TAKEAWAY: When dealing with pregnancy and related issues, look to the PDA, FMLA, ADA and Title VII, and be careful when distinguishing pregnancy and maternity leave from other medical leaves.

The post on Thursday 8/20/15 talked about applications for other jobs killing an employee’s stress-related reasonable accommodation claim. Certain actions taken by an employee while on FMLA leave might work against requests for reasonable accommodation under the ADA in the future. How does that work, you ask? Here, the employee was a medical benefits administrator. She took 4 weeks’ FMLA leave. About a year later, she was counseled and disciplined for poor performance; subsequently, she was hospitalized relative to the same medical condition. After her return to work, she requested additional FMLA leave. Her doctor suggested 8 weeks’ leave and then part-time leave. Only the former was approved. On the last day of the leave, the doctor asked for a one-month extension. The employer noted that her FMLA leave expired about a week before that and that if she did not return, she would be deemed to have quit. The employee neither returned nor contacted the employer, but filed an EEOC complaint alleging failure to reasonably accommodate by denial of the part-time leave. More on the background and decisive facts there is in the post.

TAKEAWAY: Employees should be careful – and employers should be on the lookout – for actions that might be helpful in one scenario but harmful to a request or claim in another.

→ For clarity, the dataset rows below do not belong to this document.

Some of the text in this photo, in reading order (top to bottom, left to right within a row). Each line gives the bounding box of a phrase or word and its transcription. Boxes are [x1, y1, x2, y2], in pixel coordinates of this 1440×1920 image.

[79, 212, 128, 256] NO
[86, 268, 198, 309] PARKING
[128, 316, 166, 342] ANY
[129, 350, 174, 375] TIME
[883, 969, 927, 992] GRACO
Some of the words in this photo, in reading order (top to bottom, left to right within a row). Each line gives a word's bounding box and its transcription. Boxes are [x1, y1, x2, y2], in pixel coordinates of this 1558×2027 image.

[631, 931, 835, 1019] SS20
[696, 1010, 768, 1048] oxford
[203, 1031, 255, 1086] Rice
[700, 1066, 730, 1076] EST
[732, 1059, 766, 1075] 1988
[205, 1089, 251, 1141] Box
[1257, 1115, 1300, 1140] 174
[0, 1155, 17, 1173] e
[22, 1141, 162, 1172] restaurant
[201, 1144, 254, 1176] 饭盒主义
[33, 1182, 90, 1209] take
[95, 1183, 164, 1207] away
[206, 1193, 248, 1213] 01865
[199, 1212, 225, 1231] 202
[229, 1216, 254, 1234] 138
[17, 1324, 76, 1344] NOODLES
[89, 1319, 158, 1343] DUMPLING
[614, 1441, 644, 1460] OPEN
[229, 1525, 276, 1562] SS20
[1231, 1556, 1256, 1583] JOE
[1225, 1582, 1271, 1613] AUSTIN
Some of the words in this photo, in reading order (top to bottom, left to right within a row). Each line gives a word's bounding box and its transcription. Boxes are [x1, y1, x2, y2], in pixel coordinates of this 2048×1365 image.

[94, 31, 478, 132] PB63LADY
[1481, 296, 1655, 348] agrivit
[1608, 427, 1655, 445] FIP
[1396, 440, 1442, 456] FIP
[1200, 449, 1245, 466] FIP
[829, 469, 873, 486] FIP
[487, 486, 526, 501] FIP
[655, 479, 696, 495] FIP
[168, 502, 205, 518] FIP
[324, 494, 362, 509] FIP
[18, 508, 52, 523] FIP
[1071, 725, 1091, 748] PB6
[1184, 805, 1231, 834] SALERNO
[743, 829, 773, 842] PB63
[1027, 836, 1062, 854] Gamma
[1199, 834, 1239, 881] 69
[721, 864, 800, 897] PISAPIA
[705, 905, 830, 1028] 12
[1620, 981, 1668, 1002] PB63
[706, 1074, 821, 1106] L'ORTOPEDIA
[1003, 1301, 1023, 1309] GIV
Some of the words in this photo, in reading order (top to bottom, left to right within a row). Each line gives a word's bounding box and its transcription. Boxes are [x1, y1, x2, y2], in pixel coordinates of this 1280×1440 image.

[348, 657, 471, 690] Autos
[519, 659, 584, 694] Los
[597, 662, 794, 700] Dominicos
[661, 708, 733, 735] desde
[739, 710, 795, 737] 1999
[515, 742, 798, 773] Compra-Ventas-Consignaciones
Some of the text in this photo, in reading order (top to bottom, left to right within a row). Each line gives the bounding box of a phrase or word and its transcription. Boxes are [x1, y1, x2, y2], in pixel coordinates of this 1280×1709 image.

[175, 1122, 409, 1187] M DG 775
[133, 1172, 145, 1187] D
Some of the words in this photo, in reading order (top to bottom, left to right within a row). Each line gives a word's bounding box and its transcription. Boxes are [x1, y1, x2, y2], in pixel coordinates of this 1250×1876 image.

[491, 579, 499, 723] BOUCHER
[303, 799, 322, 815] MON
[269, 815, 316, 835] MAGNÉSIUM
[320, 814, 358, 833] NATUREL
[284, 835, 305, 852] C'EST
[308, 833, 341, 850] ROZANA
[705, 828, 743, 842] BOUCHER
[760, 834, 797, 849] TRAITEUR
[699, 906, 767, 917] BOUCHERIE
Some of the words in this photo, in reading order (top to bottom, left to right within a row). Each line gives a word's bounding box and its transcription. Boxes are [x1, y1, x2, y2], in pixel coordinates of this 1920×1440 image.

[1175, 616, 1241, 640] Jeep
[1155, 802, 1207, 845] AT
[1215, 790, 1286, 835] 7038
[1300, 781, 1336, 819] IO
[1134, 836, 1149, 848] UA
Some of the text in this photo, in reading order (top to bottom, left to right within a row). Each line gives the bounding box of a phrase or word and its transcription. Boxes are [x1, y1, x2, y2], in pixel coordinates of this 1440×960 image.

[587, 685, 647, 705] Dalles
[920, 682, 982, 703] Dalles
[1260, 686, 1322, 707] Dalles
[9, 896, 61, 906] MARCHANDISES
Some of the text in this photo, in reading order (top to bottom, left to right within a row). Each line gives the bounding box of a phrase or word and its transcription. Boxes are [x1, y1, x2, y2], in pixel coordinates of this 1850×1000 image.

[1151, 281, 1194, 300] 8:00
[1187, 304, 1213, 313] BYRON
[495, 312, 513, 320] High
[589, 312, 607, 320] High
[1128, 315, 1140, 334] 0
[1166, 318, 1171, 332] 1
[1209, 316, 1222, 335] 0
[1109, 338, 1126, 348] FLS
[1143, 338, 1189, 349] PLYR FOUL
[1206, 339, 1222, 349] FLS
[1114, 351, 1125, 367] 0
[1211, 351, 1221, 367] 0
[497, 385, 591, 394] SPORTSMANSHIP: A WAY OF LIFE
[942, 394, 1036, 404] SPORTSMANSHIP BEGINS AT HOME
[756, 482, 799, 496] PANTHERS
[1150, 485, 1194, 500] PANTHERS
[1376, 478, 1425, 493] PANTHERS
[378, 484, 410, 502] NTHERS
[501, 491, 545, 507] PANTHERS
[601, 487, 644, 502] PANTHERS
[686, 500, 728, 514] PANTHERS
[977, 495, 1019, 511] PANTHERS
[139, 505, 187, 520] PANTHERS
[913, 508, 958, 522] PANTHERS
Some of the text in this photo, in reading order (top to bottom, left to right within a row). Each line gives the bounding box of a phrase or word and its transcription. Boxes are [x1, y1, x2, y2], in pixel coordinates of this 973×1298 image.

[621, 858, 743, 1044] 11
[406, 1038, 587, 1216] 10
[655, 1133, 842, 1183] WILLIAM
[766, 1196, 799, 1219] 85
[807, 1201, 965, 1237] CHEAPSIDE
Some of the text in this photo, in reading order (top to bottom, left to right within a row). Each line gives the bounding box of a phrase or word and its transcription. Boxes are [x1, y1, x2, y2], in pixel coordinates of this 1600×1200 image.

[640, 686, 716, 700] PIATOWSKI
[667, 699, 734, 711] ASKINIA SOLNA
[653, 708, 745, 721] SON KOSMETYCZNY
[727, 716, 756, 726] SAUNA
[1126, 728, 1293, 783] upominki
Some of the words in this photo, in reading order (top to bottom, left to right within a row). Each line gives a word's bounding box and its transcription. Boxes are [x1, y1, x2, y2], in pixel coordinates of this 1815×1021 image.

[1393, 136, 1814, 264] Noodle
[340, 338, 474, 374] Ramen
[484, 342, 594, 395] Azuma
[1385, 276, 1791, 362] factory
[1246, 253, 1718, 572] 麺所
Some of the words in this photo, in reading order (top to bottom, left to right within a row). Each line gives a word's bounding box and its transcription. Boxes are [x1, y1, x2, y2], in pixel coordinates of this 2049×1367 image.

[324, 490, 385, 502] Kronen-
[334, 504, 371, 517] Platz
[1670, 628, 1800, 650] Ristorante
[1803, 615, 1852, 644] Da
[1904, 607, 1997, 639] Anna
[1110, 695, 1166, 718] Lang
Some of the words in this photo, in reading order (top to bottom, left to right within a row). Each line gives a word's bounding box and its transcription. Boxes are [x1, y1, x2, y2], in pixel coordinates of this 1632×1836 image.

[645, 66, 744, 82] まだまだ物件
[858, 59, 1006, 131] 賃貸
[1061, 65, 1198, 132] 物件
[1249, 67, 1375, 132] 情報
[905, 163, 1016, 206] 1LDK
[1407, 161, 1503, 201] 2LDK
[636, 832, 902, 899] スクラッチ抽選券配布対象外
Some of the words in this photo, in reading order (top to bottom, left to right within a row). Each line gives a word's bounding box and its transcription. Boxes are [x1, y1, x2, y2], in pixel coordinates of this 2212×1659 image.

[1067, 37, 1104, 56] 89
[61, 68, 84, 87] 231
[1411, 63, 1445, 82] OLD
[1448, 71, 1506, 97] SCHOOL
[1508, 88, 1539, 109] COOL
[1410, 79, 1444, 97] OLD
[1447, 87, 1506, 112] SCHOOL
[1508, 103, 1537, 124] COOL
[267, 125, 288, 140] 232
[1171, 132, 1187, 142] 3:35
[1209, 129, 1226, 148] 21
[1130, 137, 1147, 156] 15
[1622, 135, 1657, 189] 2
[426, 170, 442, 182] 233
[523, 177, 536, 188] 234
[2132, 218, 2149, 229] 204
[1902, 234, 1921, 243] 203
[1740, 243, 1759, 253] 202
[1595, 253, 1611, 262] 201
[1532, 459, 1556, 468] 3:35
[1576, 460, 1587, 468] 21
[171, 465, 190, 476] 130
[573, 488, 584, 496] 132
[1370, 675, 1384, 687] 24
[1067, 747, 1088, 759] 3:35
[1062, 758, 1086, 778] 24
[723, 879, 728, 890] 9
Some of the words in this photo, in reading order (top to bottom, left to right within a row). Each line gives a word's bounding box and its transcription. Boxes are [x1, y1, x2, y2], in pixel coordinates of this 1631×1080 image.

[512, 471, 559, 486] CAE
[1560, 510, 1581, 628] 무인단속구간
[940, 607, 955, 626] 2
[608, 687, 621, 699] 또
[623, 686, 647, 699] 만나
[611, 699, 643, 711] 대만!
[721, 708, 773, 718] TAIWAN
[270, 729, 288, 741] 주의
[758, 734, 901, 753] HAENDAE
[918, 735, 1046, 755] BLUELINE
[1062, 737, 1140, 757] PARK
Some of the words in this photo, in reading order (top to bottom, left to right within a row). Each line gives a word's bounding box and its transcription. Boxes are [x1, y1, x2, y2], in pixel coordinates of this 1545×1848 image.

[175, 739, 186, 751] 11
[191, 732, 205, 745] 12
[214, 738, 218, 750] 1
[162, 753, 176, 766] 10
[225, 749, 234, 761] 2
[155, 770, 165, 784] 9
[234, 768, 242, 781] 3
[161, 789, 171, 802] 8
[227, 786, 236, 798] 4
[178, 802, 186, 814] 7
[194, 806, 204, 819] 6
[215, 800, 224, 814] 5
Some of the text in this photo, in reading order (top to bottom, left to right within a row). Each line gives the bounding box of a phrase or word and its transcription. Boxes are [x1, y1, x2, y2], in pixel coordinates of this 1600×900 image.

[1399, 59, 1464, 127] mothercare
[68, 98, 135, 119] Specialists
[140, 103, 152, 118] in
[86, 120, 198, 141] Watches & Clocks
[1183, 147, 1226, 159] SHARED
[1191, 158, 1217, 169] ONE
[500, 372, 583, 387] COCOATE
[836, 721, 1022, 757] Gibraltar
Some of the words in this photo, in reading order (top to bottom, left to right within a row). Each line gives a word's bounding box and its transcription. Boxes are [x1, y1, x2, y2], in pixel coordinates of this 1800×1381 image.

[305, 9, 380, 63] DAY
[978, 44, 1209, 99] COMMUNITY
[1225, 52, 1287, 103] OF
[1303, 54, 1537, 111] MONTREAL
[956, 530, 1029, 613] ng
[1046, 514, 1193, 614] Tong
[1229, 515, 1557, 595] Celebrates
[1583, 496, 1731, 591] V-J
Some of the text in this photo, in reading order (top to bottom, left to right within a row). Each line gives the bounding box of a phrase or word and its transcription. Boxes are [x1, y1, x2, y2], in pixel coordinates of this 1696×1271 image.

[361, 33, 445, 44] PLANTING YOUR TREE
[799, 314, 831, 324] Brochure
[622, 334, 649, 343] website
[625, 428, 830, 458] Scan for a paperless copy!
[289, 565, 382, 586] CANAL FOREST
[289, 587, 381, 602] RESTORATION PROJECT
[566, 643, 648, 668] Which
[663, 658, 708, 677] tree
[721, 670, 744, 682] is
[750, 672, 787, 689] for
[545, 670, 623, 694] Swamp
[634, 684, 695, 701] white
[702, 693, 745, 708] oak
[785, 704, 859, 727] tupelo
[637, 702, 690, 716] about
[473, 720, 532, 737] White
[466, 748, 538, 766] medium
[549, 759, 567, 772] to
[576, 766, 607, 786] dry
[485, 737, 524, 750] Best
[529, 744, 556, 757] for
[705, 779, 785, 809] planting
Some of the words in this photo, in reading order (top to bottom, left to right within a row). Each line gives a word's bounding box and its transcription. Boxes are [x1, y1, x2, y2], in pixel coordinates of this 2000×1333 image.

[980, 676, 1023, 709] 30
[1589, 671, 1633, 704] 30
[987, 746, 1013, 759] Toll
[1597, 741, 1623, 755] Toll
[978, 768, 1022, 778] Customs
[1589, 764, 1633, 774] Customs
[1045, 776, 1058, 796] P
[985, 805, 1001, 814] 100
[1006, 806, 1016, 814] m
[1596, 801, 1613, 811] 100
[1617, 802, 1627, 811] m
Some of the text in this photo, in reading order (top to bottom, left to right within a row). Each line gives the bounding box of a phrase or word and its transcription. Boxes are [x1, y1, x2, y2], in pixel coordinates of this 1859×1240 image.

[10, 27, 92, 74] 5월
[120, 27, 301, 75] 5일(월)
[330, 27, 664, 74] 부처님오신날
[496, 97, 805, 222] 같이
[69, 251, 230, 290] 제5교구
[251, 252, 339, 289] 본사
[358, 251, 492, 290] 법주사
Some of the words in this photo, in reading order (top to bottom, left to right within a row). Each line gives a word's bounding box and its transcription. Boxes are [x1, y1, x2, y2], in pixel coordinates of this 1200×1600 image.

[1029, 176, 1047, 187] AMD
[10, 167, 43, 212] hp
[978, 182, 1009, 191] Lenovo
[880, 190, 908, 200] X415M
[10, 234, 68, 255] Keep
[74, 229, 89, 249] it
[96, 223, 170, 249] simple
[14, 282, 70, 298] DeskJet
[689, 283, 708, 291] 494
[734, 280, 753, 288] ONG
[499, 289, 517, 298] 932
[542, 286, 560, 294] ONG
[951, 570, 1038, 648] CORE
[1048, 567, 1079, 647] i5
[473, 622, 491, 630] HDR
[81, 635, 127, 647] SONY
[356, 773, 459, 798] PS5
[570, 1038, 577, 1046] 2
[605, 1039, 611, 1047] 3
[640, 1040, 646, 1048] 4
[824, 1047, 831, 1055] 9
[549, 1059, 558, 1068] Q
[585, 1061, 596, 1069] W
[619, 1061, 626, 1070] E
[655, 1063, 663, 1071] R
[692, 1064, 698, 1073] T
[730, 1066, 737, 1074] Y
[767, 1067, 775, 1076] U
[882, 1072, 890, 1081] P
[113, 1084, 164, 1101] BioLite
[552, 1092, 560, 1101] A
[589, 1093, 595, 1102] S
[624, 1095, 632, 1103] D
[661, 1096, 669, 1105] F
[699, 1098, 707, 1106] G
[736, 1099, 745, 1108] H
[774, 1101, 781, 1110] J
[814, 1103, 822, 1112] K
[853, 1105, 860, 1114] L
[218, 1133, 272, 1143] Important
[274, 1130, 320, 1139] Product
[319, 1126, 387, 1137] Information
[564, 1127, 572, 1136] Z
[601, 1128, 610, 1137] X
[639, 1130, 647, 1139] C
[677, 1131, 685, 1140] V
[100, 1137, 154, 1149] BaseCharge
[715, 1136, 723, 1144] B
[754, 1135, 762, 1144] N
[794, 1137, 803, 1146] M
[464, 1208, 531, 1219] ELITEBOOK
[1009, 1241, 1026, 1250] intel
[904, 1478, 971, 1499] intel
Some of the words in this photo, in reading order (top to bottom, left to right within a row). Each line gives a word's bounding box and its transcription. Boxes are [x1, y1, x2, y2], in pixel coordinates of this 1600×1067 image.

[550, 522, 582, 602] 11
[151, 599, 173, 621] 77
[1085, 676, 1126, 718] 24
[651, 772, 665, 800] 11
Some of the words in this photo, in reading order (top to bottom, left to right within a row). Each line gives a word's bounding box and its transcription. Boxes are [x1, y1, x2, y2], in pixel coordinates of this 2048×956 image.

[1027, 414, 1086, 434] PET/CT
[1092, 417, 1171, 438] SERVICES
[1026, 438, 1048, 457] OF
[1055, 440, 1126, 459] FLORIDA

The post on Friday 8/21/15 told us about a jury awarding a woman more than $13 million in a work discrimination case. Sandra was called “Big Girl”, suffered obscene gestures when her voice came over the radio, and was told she was “losing her mind” and “throwing fits” when she complained of harassment. Sandra alleged she suffered harassment and gender discrimination from male colleagues while she was a shipping supervisor making less than her male predecessor (despite arguably more experience than he had). (More details in the post.) Well who’s laughing now?!?! A federal jury in Pittsburgh recently found the company liable for discrimination, hostile work environment and retaliation, awarding her more than $13 million in damages and pay (of which about $12.5 million was punitive damages). Some jurors interviewed said they wanted to send the company a message – I think they did just that.

TAKEAWAY: If an employee complains, investigate and take appropriate action; if you ignore the complaint or make light of it, it could end up that your wallet is lighter.

Finally, the post yesterday 8/22/15 was about beaners, wetback and more and a driller settling a discrimination claim for $14.5 million. This was a week of large dollars changing hands in discrimination matters. Latino drillers on an oil rig were called “beaners” and “tacos” which led to fights and guns and ended in a settlement between the employer and EEOC. Allegations of nation-wide discrimination and harassment on the basis of race and national origin (including opening a portable toilet where a Hispanic worker was sitting and throwing cleaning fluid on him - UGH) were resolved via the settlement. See the post for more of what the workers experienced

TAKEAWAY: Do not condone harassment or discrimination of any type in the workplace and if it happens, take immediate action to stop it and take appropriate corrective action. Failure to do so can lead to liability for the employer.